É preciso salientar, no entanto, que um dos maiores destaques de “Filhos da Esperança” deve-se ao olhar de Emmanuel Lubezki – parceiro habitual de Cuáron desde “A Princesinha”. O diretor de fotografia mexicano levou quase todos os prêmios por seu trabalho, exceto o Oscar vencido pelo compatriota Guillermo Navarro, de “O Labirinto do Fauno. Embora os dois planos-sequências eletrizantes sejam muito exaltados, o que mais me prende e chama atenção é a capacidade que ele tem de nos colocar como um personagem na trama. Não estamos apenas os assistindo: vivenciámos toda essa desventura ao lado de Faron e Kee.
Manter a câmera sempre na mão nos deixa ainda mais envolvidos, afinal, a atmosfera documental traz junto a urgência e a inquietação que a história confere. E é neste ponto que o plano-sequência ganha um significado maior do que apenas o feito técnico primoroso: em ambos os cenários – tanto no carro quanto em Brexhill -, a aflição é tangível assim como a tensão e a violência.

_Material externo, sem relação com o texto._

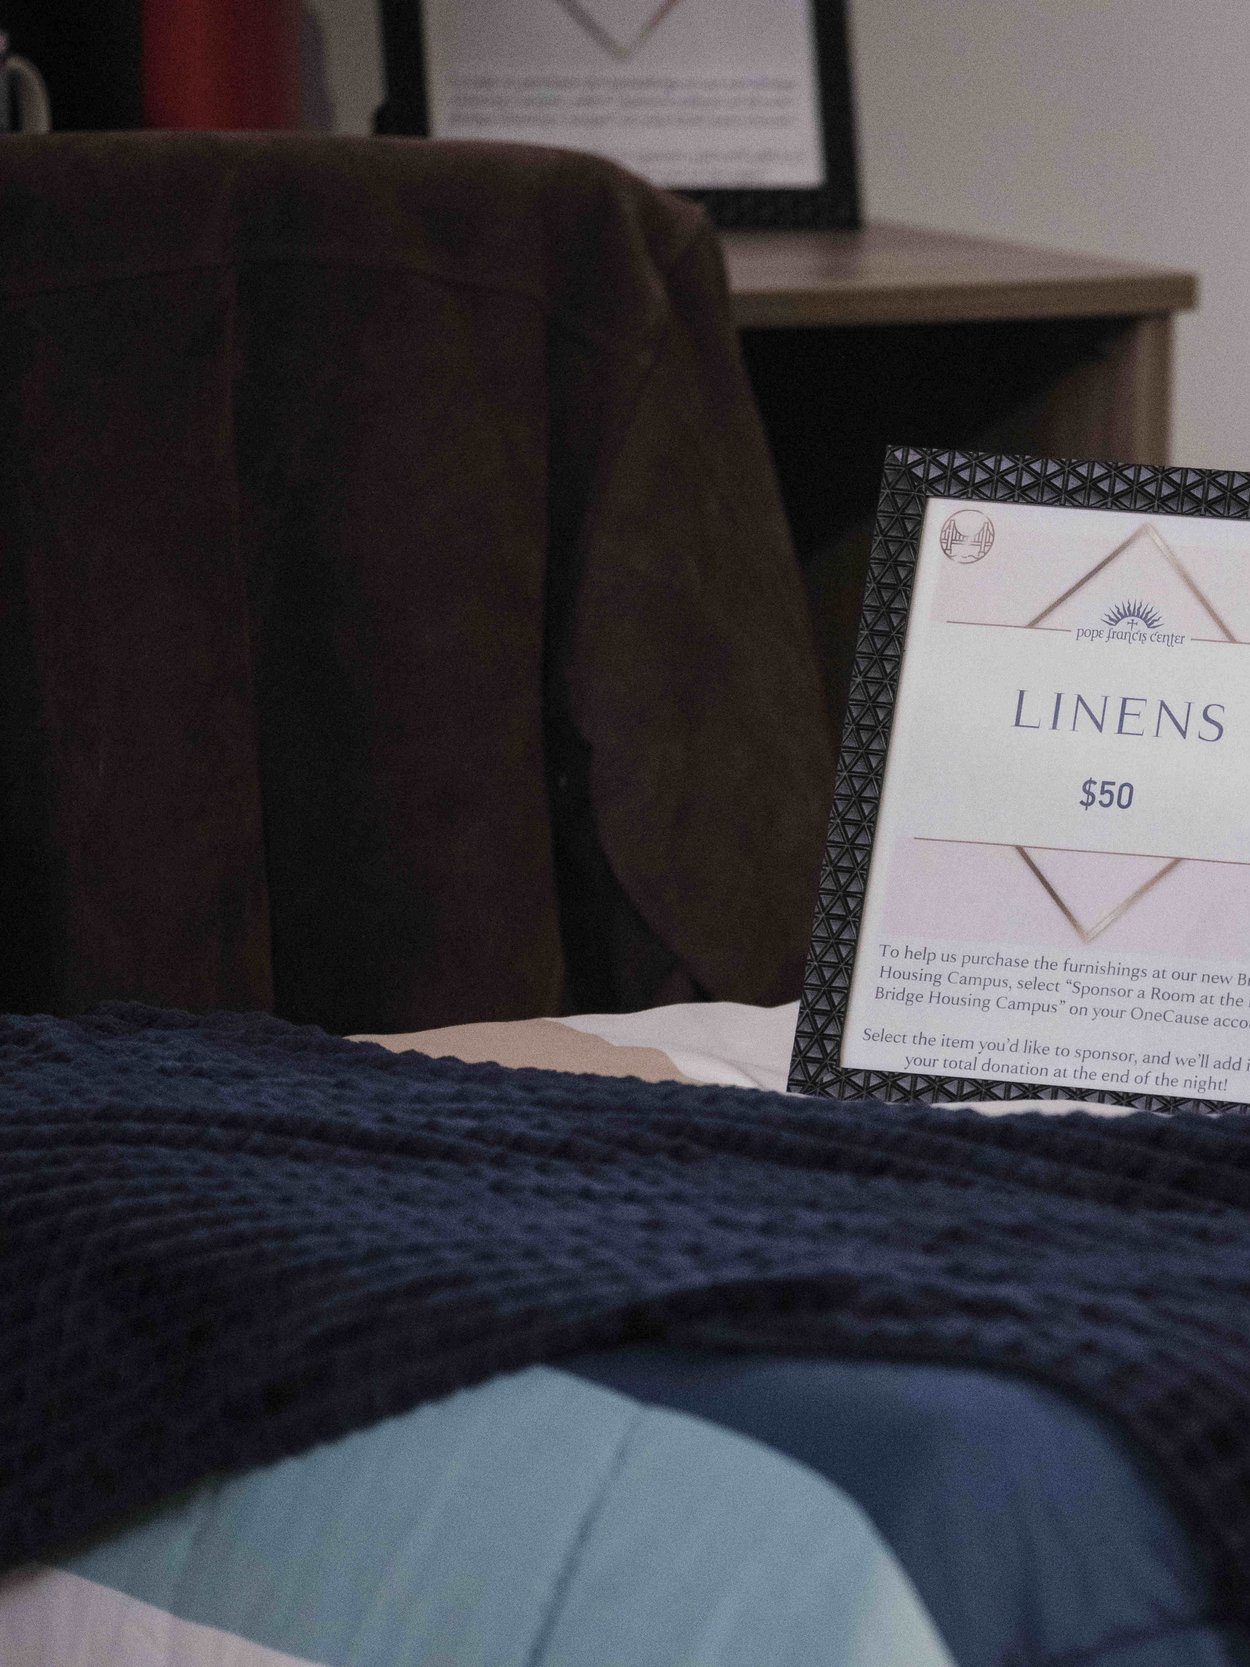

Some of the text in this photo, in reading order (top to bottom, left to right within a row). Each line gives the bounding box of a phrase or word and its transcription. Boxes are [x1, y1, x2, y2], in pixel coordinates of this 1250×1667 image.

Tudo isso contribui para que a releitura de “Filhos da Esperança” em tempos tão angustiantes funcione como um prenúncio. Cuáron conseguiu criar uma obra distópica realista e atemporal que traz à tona discussões muito importantes ainda hoje, curiosamente, sua abordagem permite que, além de ter um rigor técnico admirável, seja o drama com a jornada de Kee e Faron a experiência e a mensagem mais poderosa presente no longa. E afinal, como seria o mundo sem o som da voz de nossas crianças?